My amendments instead ensure that the Assembly will have a real power of scrutiny over the appointments, by a majority vote. Amendments Nos. 10 and 11 would achieve that by replacing the current provision for the Assembly to make recommendations to the Mayor with a requirement that the Assembly may make that recommendation with much more force by having a vote, and a simple majority of the Assembly could make the recommendation. Amendments Nos. 14 to 17 go hand in hand with Amendments Nos. 10 and 11. They are consequential and set out the procedure by which the Assembly would approve an appointment.
We believe that these are reasonable measures that would allow the Assembly to carry out confirmation hearings and set a time frame within which it would be required to respond to the Mayor. If three weeks passed with no response from the Assembly, the Mayor could go ahead without its approval. Our amendments are reasonable and allow for flexibility.
Baroness Turner of Camden: My Lords, this is another set of amendments from the parties opposite that seem designed to write into the Bill powers that the Assembly does not have at present but which were available when the GLC was in operation. As I have said previously, the Assembly is not the GLC. We now have a new set of legislative provisions before us that provide for a powerful Mayorwhich everyone has accepted, apparentlywhich means that he is obliged to perform certain functions.
I would have thought that that was the most important point. The amendment would add an enormous amount to what is written into the Bill and is not required at all. The Government have provided clarifications in their own amendments and I would have thought that they were sufficient. The amendments of the two parties opposite are quite unnecessary.
Baroness Morgan of Drefelin: My Lords, I very much endorse and welcome my noble friends comments. Her memory perhaps goes back slightly further than mine, but I remember the GLC and appreciate that we are talking about a very different authority.
The three government amendments to Schedule 1 respond, as the noble Baroness, Lady Hamwee, pointed out, to concerns raised in Grand Committee about ensuring that the Assembly has sufficient time to make a recommendation to the Mayor on whether he should appoint a candidate to one of the offices listed in Clause 4. Schedule 1 sets out the procedure for conducting confirmation hearings. Paragraph 4(3) states that the Assembly has three weeks, from the day that it receives notification from the Mayor of his proposed candidate, to make its recommendation on the appointment.

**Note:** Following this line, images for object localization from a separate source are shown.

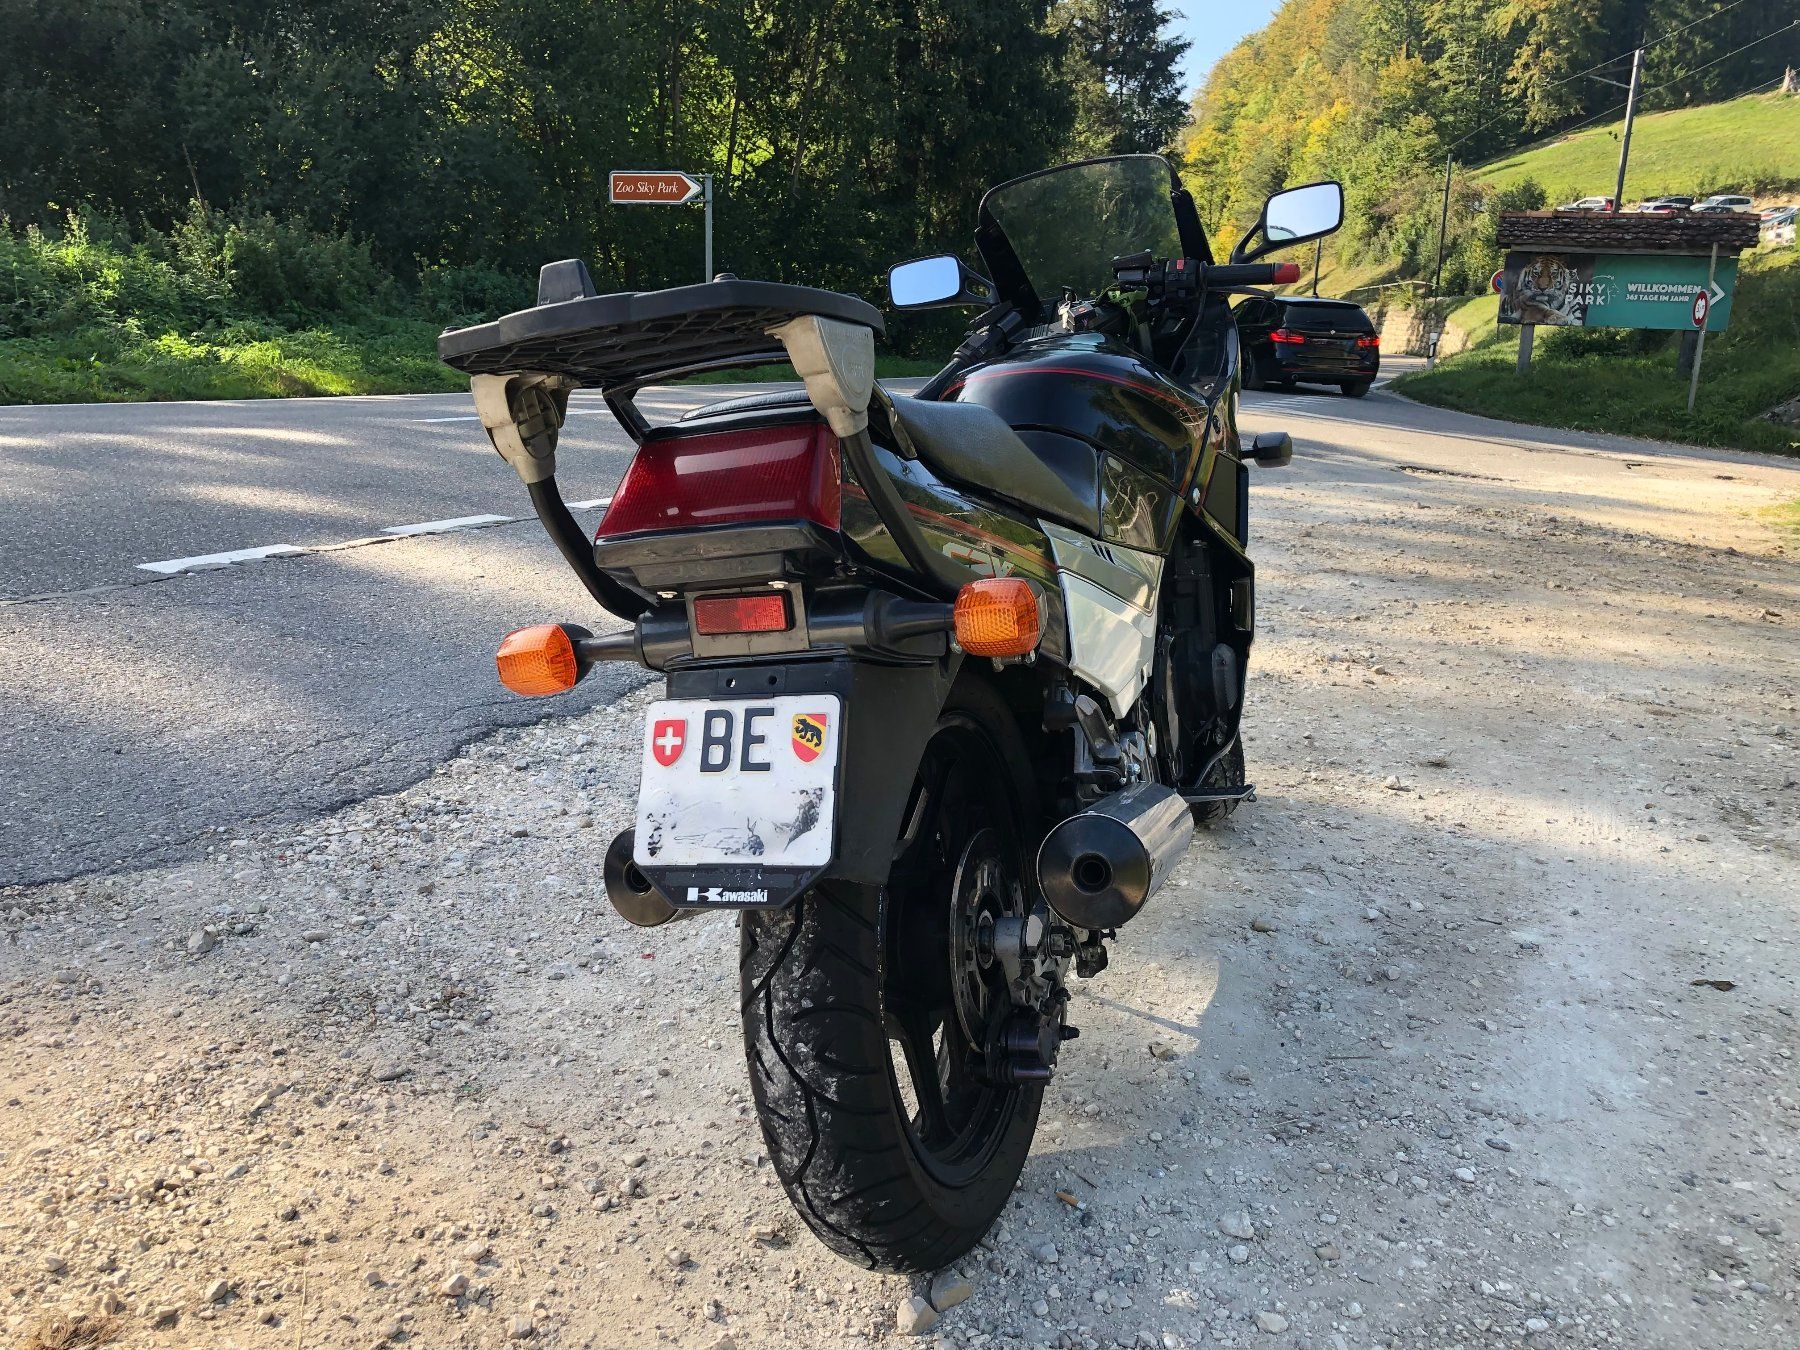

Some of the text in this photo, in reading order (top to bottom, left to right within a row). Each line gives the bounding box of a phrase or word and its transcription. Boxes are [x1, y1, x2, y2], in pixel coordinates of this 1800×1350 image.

[616, 181, 634, 193] Zoo
[657, 181, 679, 193] Park
[1568, 282, 1606, 294] SIKY
[1627, 283, 1702, 294] WILLKOMMEN
[1564, 294, 1606, 306] PARK
[699, 707, 775, 773] BE
[686, 887, 768, 903] Kawasaki
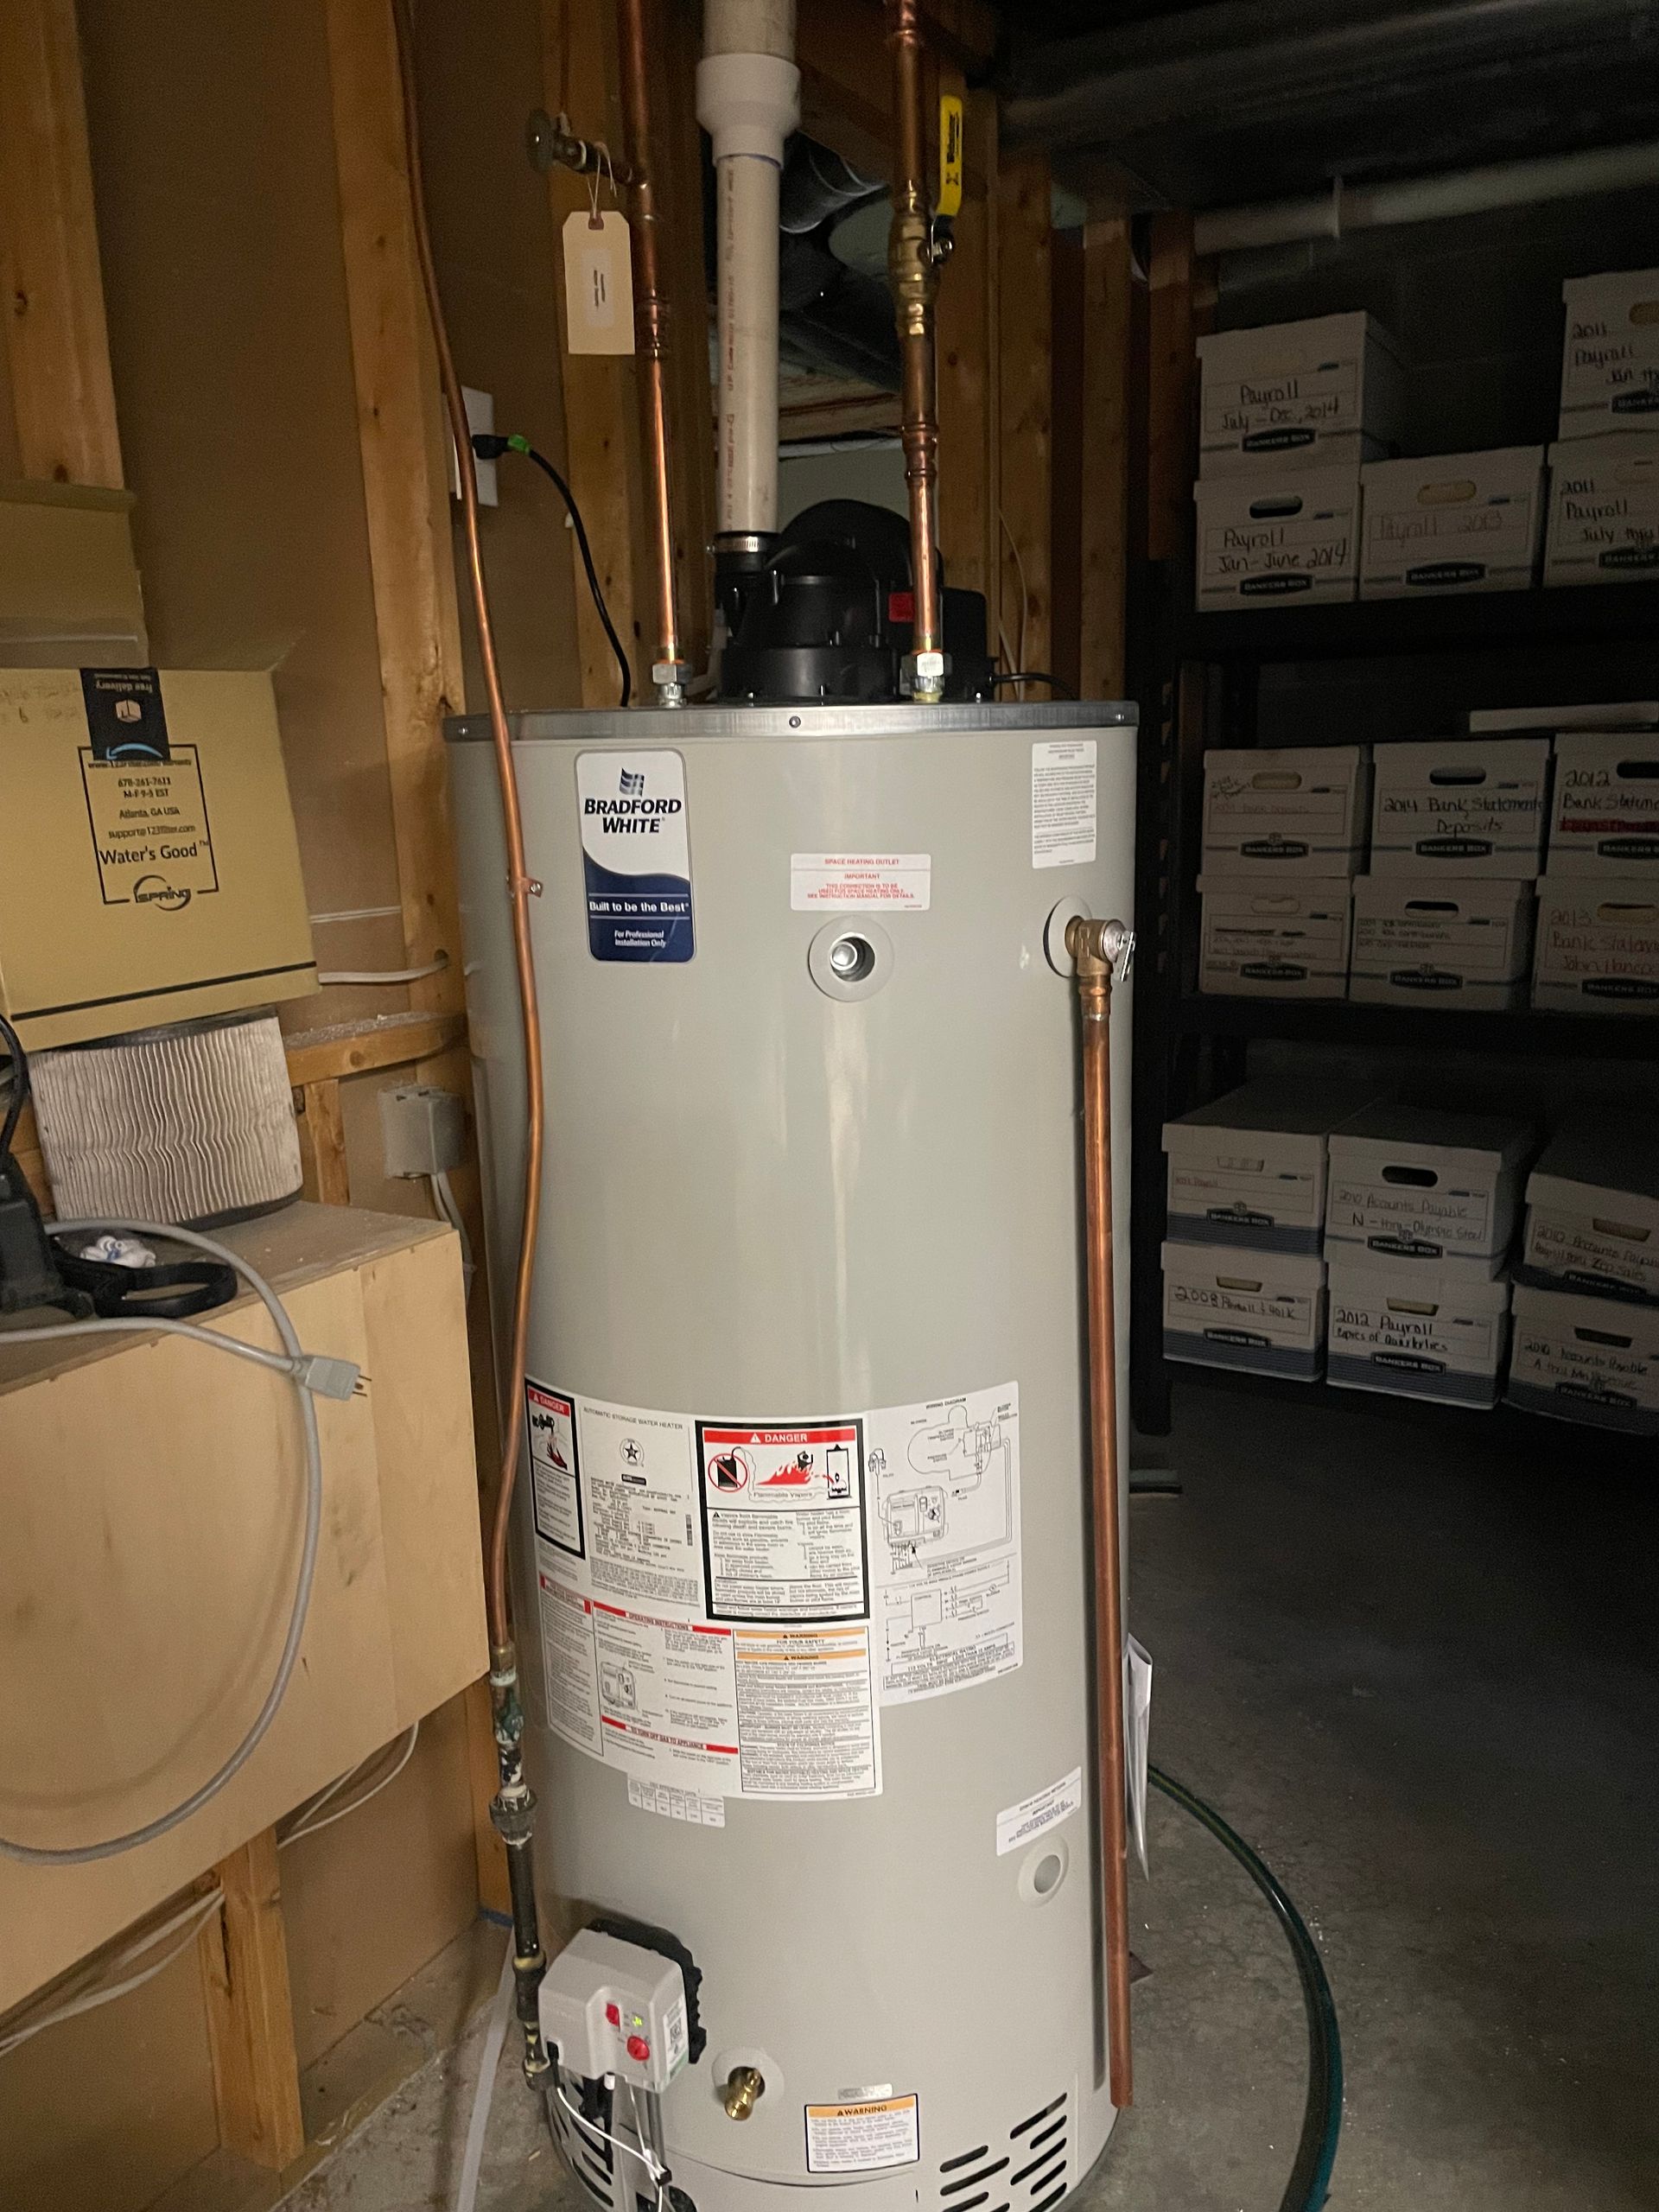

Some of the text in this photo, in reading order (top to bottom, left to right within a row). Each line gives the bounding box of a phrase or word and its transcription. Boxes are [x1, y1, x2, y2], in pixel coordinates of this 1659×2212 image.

The Government accept that the Assembly may find it difficult to make a recommendation within this timescale following an ordinary Assembly election. It takes time for any elected body to find its feet following an election, and the Assembly must focus initially on appointing its chair and deputy chair, which under Section 52 of the GLA Act it must do within 10 days of an ordinary election. Government Amendment No. 12, therefore, exempts the period from the day of an election until the day the Assembly meets to elect its chair and deputy chair from counting towards the three-week period within which the Assembly must make its recommendation to the Mayor. In practice, this means that if a newly elected Mayor notifies the Assembly of his preferred candidate for a relevant post shortly after being elected, the clock would start ticking on the three-week deadline only on the day after the Assembly elects its chair and deputy chair. As I said earlier, that must be within 10 days of an election.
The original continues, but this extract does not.